> _DATA FOR THIS EXERCISE_
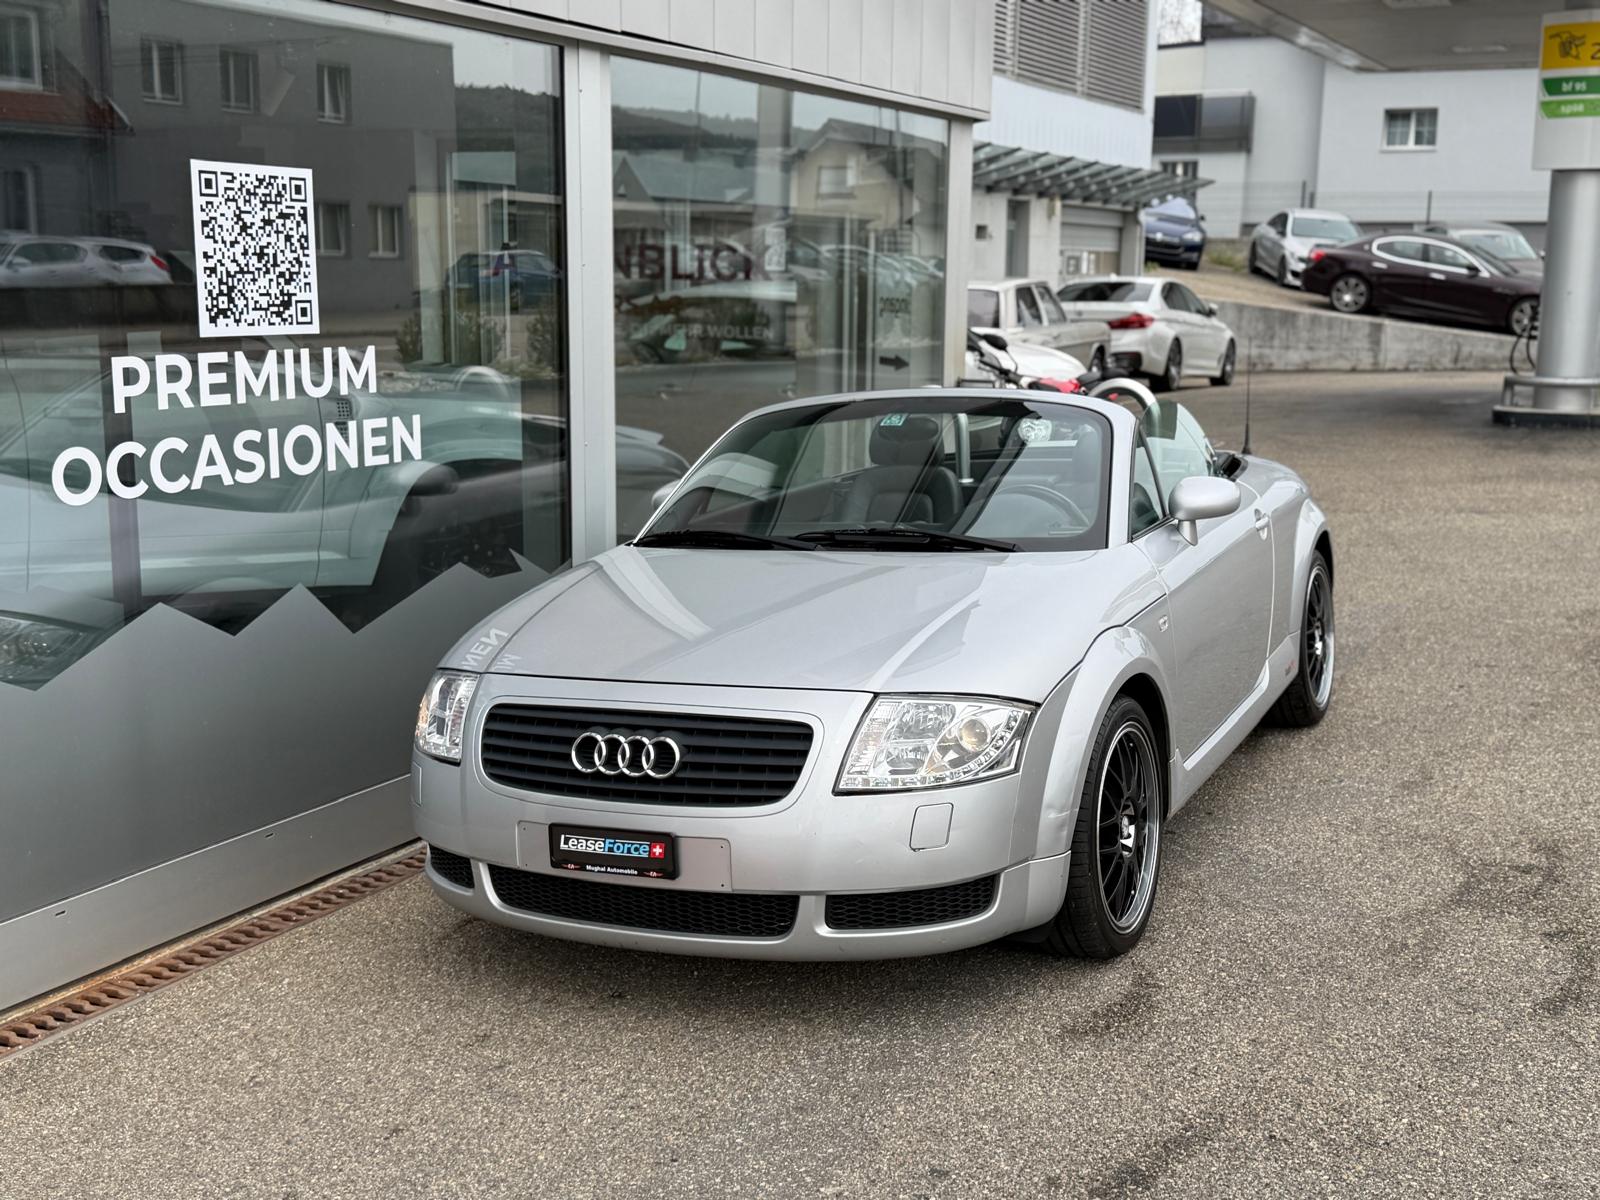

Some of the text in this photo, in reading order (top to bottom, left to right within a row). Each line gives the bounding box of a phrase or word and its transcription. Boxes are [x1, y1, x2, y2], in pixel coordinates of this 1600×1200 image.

[707, 324, 775, 340] WOLLEN
[111, 346, 377, 414] PREMIUM
[51, 414, 423, 506] OCCASIONEN
[560, 834, 650, 857] LeaseForce
[607, 866, 638, 875] Automobile

> _WHAT THE TASK REQUIRES_
Repeat each record verbatim, pictures excluded.

> _RESPONSE BOX_
Some of the text in this photo, in reading order (top to bottom, left to right within a row). Each line gives the bounding box of a phrase or word and its transcription. Boxes are [x1, y1, x2, y2], in pixel coordinates of this 1600×1200 image.

[707, 324, 775, 340] WOLLEN
[111, 346, 377, 414] PREMIUM
[51, 414, 423, 506] OCCASIONEN
[560, 834, 650, 857] LeaseForce
[607, 866, 638, 875] Automobile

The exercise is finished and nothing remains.